When Charles Darwin in The Origin of Species stated 'Natura non facit saltum' he used the same Latin expression - saltum, in this instance meaning leap. Throughout history, Nature had been considered an animate and dancing world represented by countless gods and spirits. Darwin had made what was to be a defining statement for the C19 and C20, one which put the final nail in the coffin of a declining Church, and buried with it the origins of dance. Science in C19 was intent on proving that Nature, indeed the world, was a spiritless and dance less thing, an inert mass, that could be plundered for resources, dissected without qualm or scruple, divided and ruptured without consequence. The earth was no longer a mother (mater), to be danced with and respected, but 'matter', inert unfeeling, to be consumed without gratitude, altered at will, modified to suit the owner.

Evolution was, and is considered to be brought about through bit-by-bit adjustments, wrought through competition over long periods of time. This bit-by-bit adjustment theory was (and for many still is) a pillar of evolutionary theory. In isolation, it also became a pillar of the Eugenics Movement in the twentieth century, taken up by intellectuals and scientists around the world and brought to its most terrible conclusion at the hands of the Nazis. If nature only advances on the principle of the destruction of the unfit then the Nazis considered themselves justified, morally and scientifically in exterminating those deemed below par. So in the name of improving humanity, a quarter of a million disabled German people were murdered by Nazis doctors, to be followed by Germany's artistic, dissident and gay community... precursor to the Holocaust.
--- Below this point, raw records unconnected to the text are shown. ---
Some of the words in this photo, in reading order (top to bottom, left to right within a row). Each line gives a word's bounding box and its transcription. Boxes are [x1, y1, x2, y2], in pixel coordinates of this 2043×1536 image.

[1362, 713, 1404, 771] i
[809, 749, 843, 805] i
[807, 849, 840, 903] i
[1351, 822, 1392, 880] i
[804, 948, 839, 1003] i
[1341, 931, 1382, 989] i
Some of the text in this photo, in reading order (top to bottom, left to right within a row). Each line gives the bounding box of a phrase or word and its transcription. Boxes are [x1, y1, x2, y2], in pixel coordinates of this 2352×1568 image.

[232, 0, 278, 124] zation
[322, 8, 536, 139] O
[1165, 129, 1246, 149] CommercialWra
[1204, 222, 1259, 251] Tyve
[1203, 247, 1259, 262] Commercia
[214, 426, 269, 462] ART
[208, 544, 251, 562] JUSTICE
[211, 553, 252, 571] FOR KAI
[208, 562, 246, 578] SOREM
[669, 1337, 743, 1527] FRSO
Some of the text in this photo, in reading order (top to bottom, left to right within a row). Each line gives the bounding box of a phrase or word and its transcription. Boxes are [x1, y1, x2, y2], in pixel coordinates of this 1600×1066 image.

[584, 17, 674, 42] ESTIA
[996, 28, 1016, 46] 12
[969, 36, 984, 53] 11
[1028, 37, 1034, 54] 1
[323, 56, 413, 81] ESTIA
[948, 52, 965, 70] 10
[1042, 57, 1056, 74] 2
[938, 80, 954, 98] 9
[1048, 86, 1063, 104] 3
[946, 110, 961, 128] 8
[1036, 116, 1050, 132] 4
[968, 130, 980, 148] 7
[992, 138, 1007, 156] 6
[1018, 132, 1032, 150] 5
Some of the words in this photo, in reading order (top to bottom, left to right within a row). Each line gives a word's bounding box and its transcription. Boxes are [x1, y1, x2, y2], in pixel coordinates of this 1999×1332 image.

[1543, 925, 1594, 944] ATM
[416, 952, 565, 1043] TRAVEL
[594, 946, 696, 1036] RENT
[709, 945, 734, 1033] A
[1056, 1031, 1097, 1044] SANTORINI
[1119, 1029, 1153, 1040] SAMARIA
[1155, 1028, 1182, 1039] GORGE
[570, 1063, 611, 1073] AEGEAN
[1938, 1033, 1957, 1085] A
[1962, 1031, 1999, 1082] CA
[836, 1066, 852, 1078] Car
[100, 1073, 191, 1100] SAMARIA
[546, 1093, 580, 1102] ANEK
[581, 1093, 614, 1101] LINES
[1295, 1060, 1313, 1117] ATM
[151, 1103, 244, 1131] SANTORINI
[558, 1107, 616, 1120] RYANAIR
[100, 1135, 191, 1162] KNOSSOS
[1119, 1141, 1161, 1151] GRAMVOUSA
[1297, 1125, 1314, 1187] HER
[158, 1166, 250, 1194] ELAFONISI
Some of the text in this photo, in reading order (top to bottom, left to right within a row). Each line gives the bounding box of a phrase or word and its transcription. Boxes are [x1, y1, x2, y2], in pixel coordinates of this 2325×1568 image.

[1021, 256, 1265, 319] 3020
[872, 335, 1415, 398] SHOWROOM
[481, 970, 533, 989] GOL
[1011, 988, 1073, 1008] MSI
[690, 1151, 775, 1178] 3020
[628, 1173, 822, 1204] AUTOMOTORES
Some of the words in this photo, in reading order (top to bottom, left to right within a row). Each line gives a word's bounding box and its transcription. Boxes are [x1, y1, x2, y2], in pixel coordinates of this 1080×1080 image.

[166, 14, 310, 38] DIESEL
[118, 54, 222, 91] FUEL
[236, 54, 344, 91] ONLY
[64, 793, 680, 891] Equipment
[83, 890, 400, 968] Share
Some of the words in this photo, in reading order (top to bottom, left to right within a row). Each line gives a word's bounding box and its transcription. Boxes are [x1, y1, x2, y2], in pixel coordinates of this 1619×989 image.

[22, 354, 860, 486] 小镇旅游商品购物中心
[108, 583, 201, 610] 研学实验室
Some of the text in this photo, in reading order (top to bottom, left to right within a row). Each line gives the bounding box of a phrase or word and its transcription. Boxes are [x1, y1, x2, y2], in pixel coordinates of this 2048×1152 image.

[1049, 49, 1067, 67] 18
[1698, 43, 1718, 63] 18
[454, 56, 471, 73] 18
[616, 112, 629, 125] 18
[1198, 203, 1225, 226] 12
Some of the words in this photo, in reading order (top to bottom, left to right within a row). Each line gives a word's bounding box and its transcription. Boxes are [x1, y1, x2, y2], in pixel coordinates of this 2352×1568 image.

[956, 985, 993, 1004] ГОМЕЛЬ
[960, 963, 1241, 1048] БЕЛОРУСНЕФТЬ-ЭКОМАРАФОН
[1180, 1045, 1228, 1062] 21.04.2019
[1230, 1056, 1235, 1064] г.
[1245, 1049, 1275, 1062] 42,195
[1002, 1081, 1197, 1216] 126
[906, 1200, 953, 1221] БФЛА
Those who could, fled, bringing with them the early experimental work that had been blossoming prior to the war. American dance was to benefit from an influx of dancers versed in improvisation, England from the tardy arrival of Rudolf Laban, licking his wounds after a failed choreographic commission for Hitler's Olympic Games. Laban later said. 'The first condition of my collaboration is, that you must grant me the privilege to try, and err, because trial and error is the basis of all healthy development.'

He was fortunate that this particular collaboration with Hitler's pre-war propaganda machine, was not an error that resulted in a trial. Thankfully for Laban (and for us) he was reinstated through his services to British industry and his post war return to dance would lay the foundations of community dance in England, from which integrated practice would grow. Funny old world ain't it? (2)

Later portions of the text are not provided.